_WORK REQUEST_
Everything in the entries is to be written out exactly, except for the pictures.

_DATASET RECORDS_
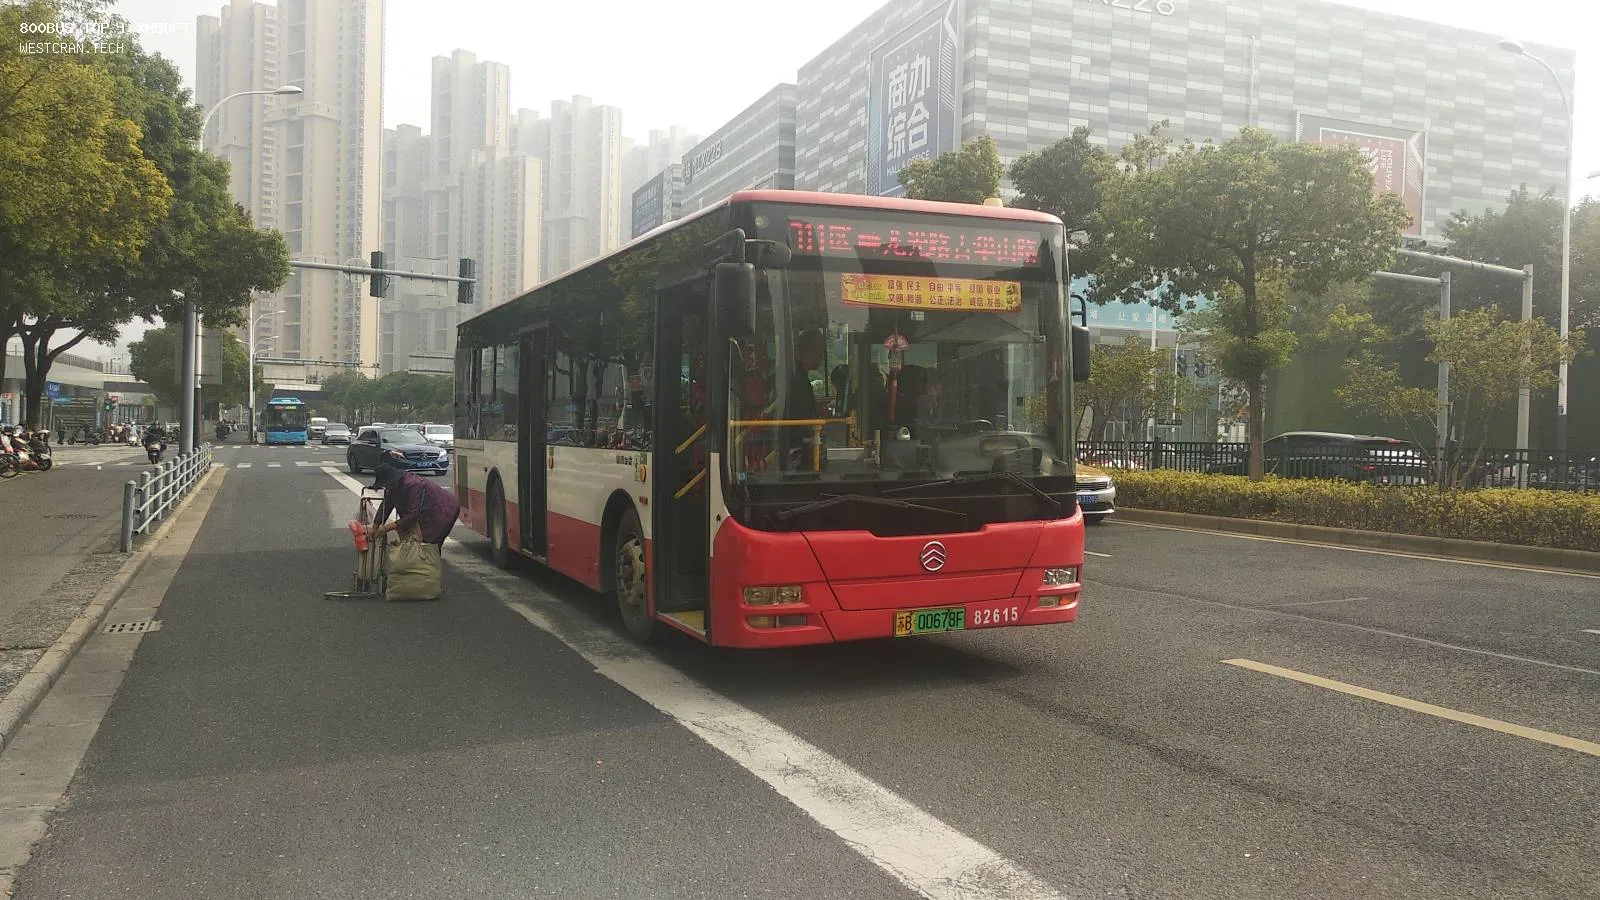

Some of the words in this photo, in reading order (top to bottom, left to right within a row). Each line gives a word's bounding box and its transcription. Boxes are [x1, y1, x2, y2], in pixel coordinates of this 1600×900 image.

[888, 53, 930, 114] 商办
[887, 102, 929, 161] 综合
[888, 280, 903, 290] 富强
[907, 281, 921, 290] 民主
[929, 282, 943, 292] 自由
[948, 283, 961, 292] 平等
[888, 293, 903, 303] 文明
[907, 294, 921, 304] 和谐
[929, 295, 944, 305] 公正
[947, 296, 961, 306] 法治
[974, 606, 1019, 625] 82615

_ANSWER SECTION_
Some of the words in this photo, in reading order (top to bottom, left to right within a row). Each line gives a word's bounding box and its transcription. Boxes are [x1, y1, x2, y2], in pixel coordinates of this 1600×900 image.

[888, 53, 930, 114] 商办
[887, 102, 929, 161] 综合
[888, 280, 903, 290] 富强
[907, 281, 921, 290] 民主
[929, 282, 943, 292] 自由
[948, 283, 961, 292] 平等
[888, 293, 903, 303] 文明
[907, 294, 921, 304] 和谐
[929, 295, 944, 305] 公正
[947, 296, 961, 306] 法治
[974, 606, 1019, 625] 82615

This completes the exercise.